Stored items >>
————

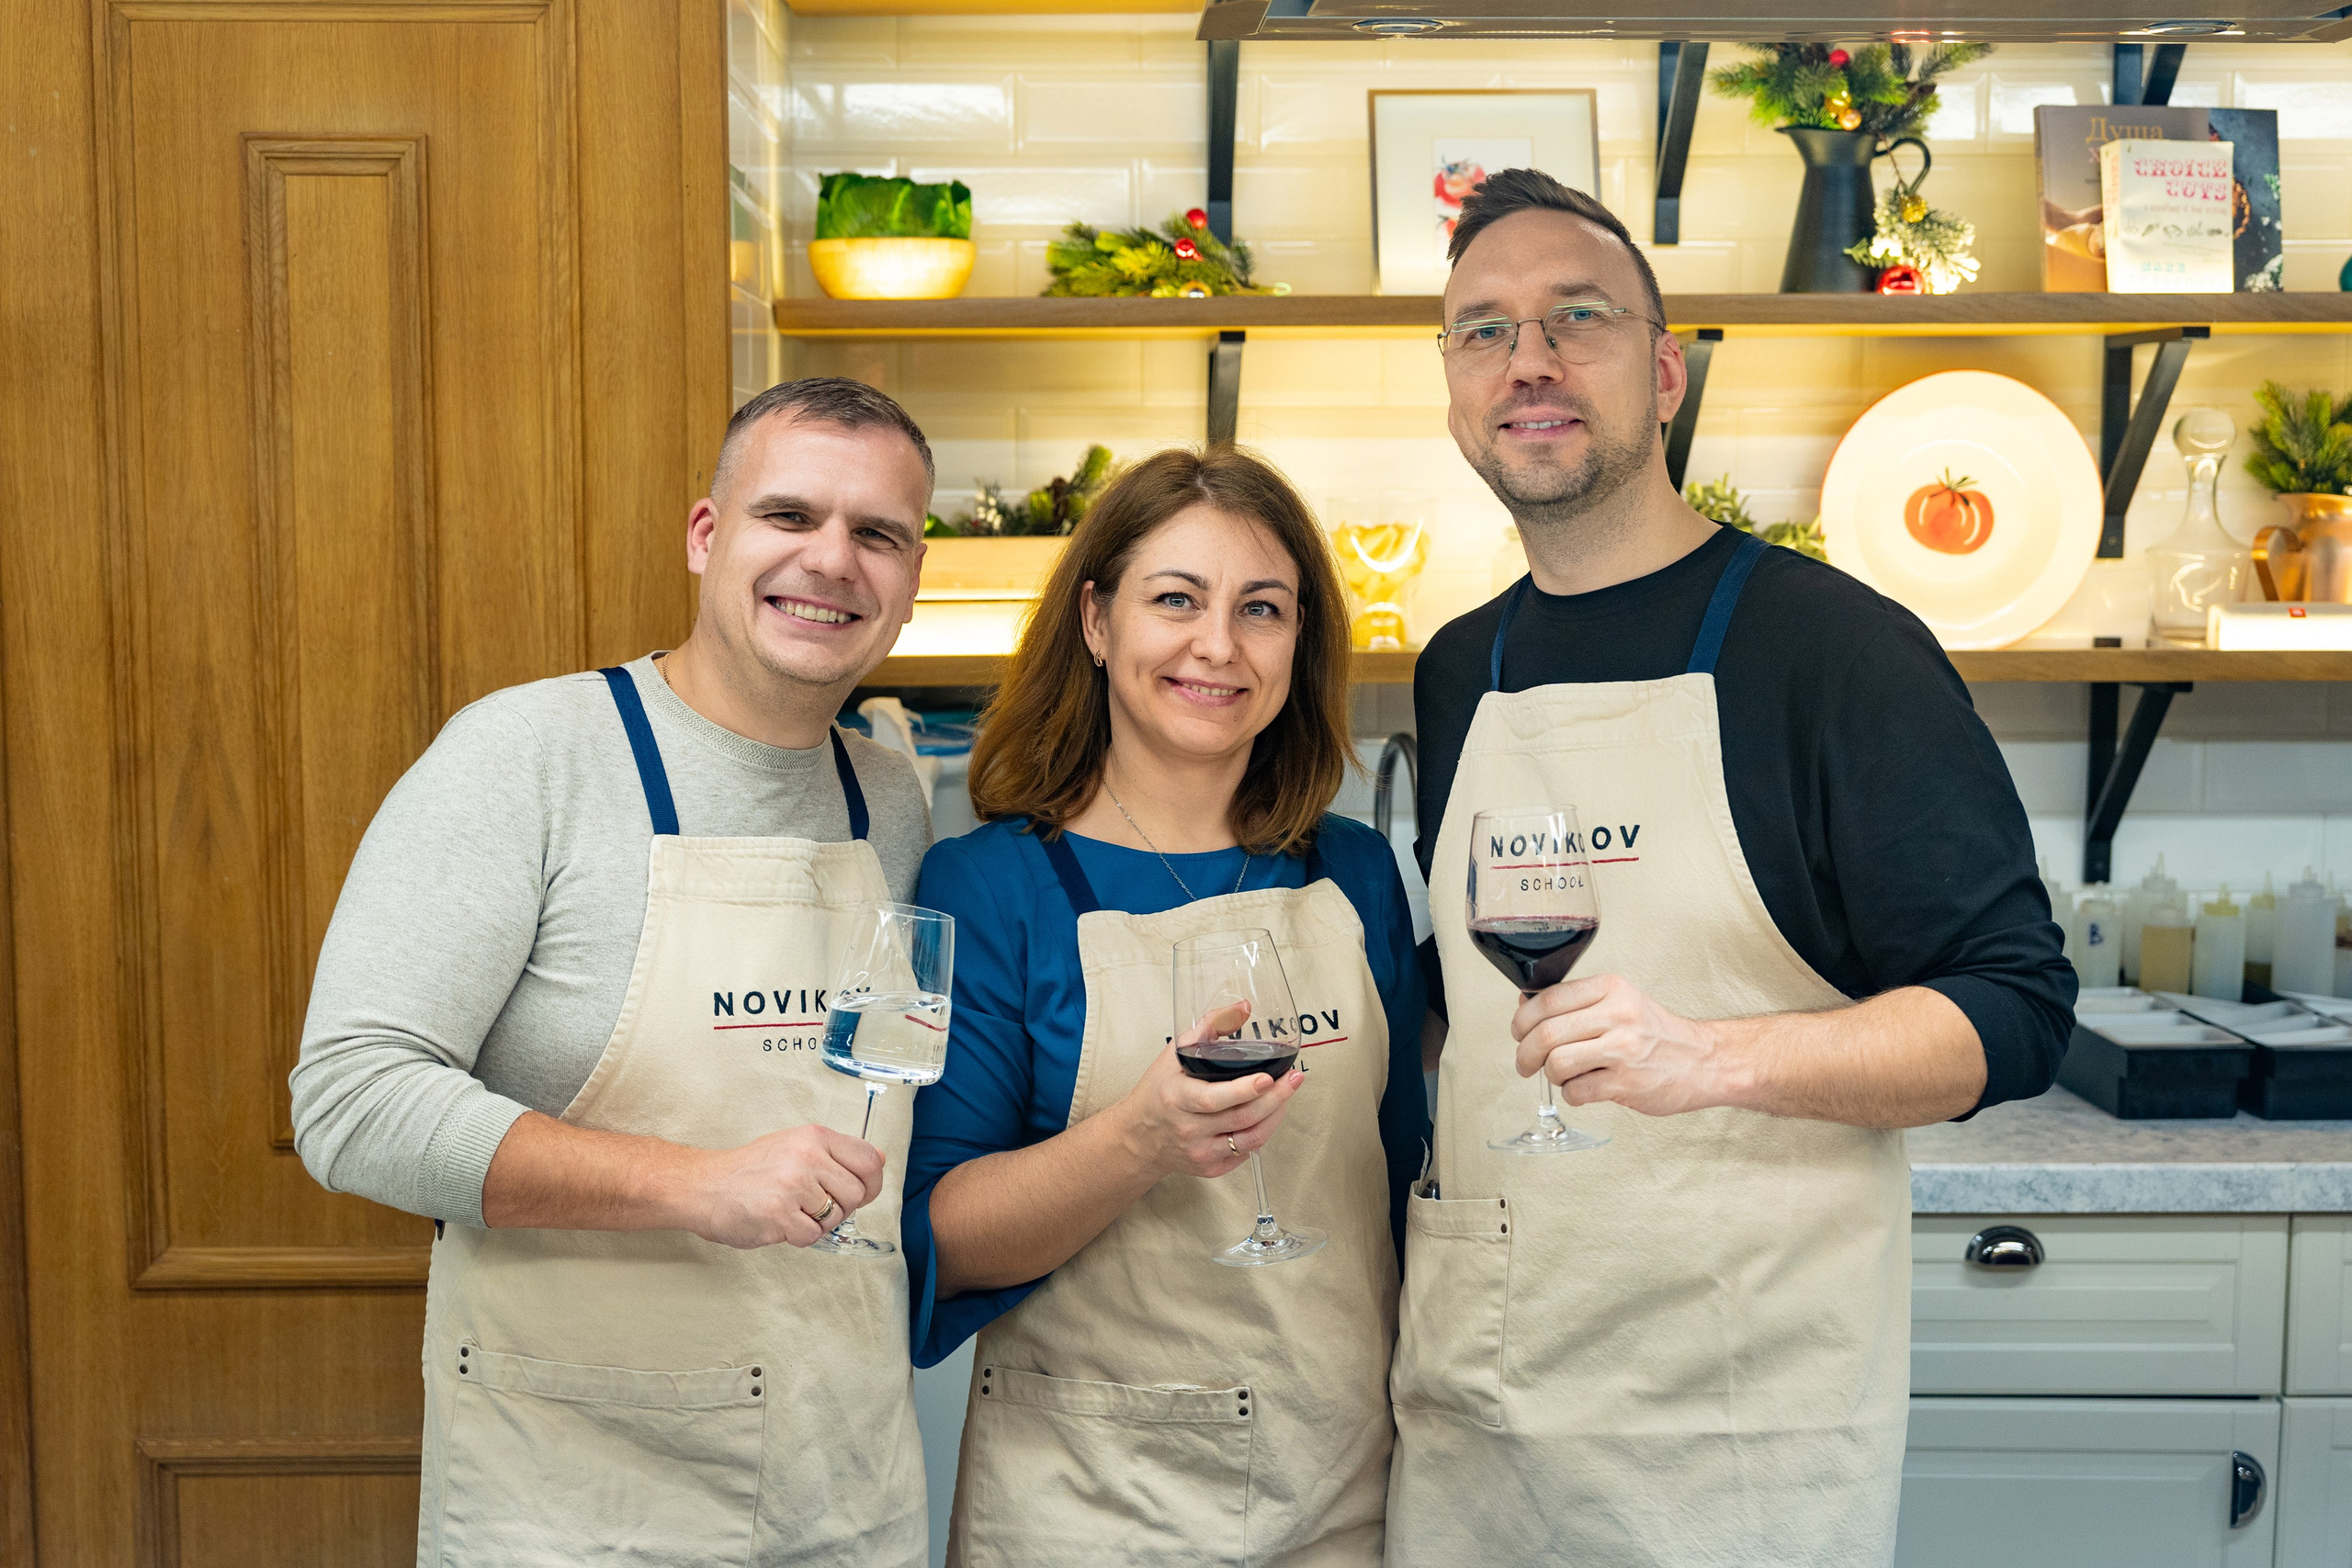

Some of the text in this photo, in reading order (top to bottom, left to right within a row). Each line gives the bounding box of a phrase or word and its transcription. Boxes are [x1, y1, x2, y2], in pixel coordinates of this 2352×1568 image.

[2133, 157, 2227, 178] CHOICE
[2165, 179, 2227, 201] CUTS
[1490, 825, 1641, 858] NOVIKOV
[1520, 876, 1585, 891] SCHOOL
[713, 987, 872, 1017] NOVIK
[762, 1037, 818, 1053] SCHO

————

EXERCISE BRIEF >> Exclude every picture, then reproduce the remaining data character for character.

WRITTEN ANSWER >>
Some of the text in this photo, in reading order (top to bottom, left to right within a row). Each line gives the bounding box of a phrase or word and its transcription. Boxes are [x1, y1, x2, y2], in pixel coordinates of this 2352×1568 image.

[2133, 157, 2227, 178] CHOICE
[2165, 179, 2227, 201] CUTS
[1490, 825, 1641, 858] NOVIKOV
[1520, 876, 1585, 891] SCHOOL
[713, 987, 872, 1017] NOVIK
[762, 1037, 818, 1053] SCHO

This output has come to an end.